Dana Telat Cair, Pemungutan Suara Ulang di Tolikara Diundur

Lalu Rahadian, CNN Indonesia | Selasa, 16/05/2017 16:00 WIB
Dana Telat Cair, Pemungutan Suara Ulang di Tolikara Diundur Ilustrasi. (ANTARA FOTO/Muhammad Iqbal)
Jakarta, CNN Indonesia -- Pemungutan Suara Ulang (PSU) Pilkada 2017 di Kabupaten Tolikara, Papua, ditunda karena anggaran untuk honor petugas dan penyaluran logistik terlambat cair. PSU yang awalnya akan digelar Selasa (16/5) diundur Rabu besok.

Komisioner KPU RI Pramono Ubaid Tantowi mengatakan, dana penyelenggaraan PSU di Tolikara baru keluar Senin pagi kemarin. Karena baru cair sehari sebelum PSU, penyelenggara pilkada memutuskan menunda pemungutan suara ulang.
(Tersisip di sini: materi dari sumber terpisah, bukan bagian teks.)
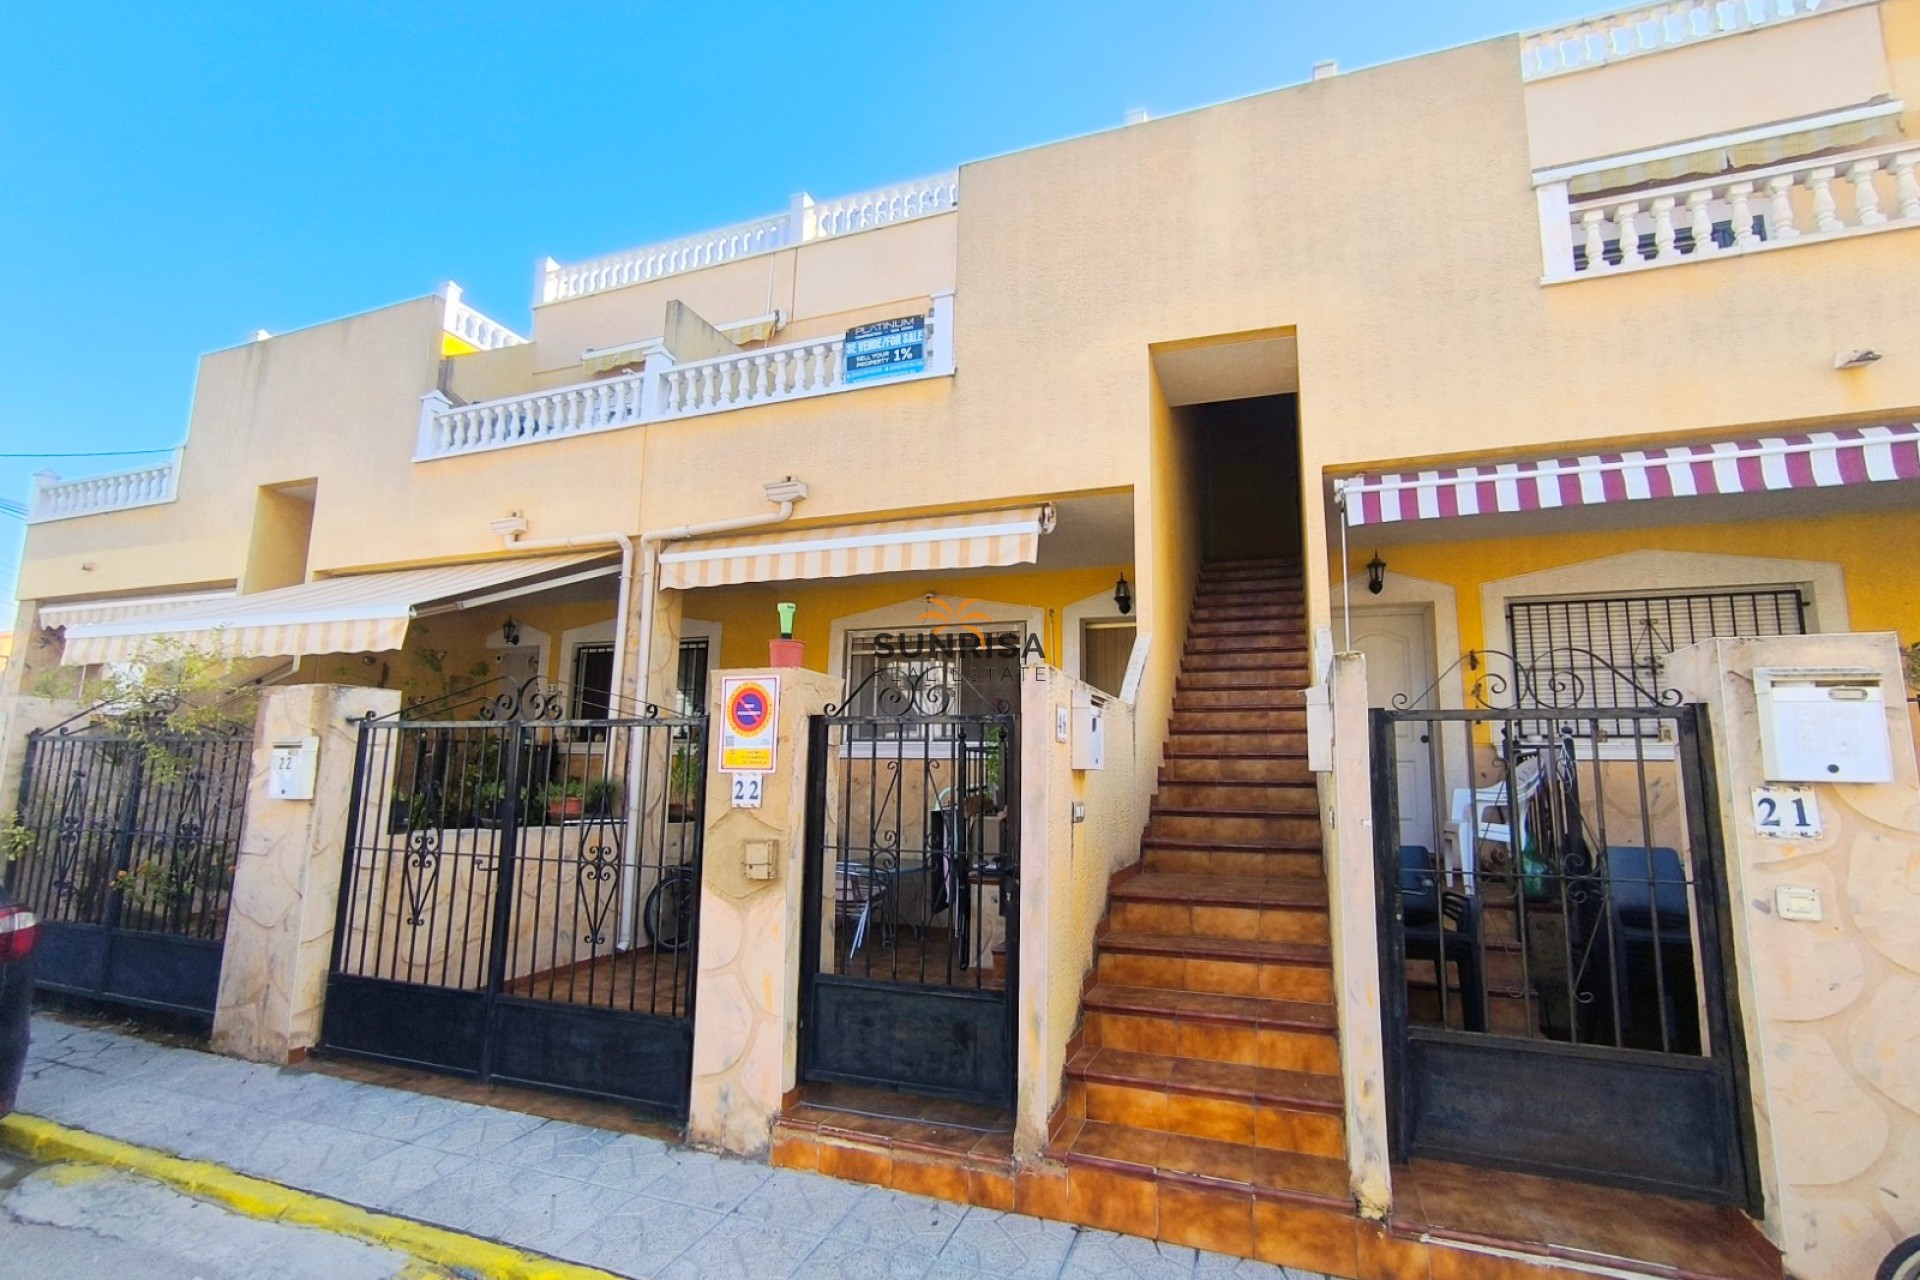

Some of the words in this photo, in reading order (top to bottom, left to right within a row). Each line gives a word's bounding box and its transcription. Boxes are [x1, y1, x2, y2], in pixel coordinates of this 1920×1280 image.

"Bukan hanya soal honor tapi juga untuk logistik. Tapi kan biasanya kalau di Papua begitu, satu TPS tidak begitu banyak pemilih dan sangat terkonsentrasi di daerah-daerah tertentu," katanya.


Komisioner KPU RI Ilham Saputra mengatakan, penundaan PSU di Tolikara telah ditetapkan dalam Surat Keputusan KPU Provinsi Papua Nomor 33 tanggal 16 Mei.
"Keputusan penundaan PSU tersebut telah mendapat persetujuan pada rapat koordinasi dari Bawaslu Provinsi Papua dan seluruh pihak pasangan calon," kata Ilham di Jakarta, Selasa siang.

Penundaan itu memaksa sosialisasi dan pembagian surat undangan bagi pemilih di 18 distrik di Tolikara diulang. Ilham berkata, KPU Provinsi Papua telah melakukan sosialisasi dengan bantuan aparat keamanan sejak kemarin.

PSU di Tolikara didasarkan pada keputusan Mahkamah Konstitusi tanggal 3 April lalu. Batas waktu yang diberikan MK kepada KPU Papua untuk melaksanakan PSU adalah 60 hari sejak pembacaan putusan.

Putusan MK itu muncul karena KPU Kabupaten Tolikara tidak menjalankan rekomendasi panitia pengawas pemilih (Panwaslih) dan Bawaslu. Dua lembaga itu sebelumnya menemukan kecurangan dalam pemungutan suara yang mempengaruhi perolehan suara pasangan calon.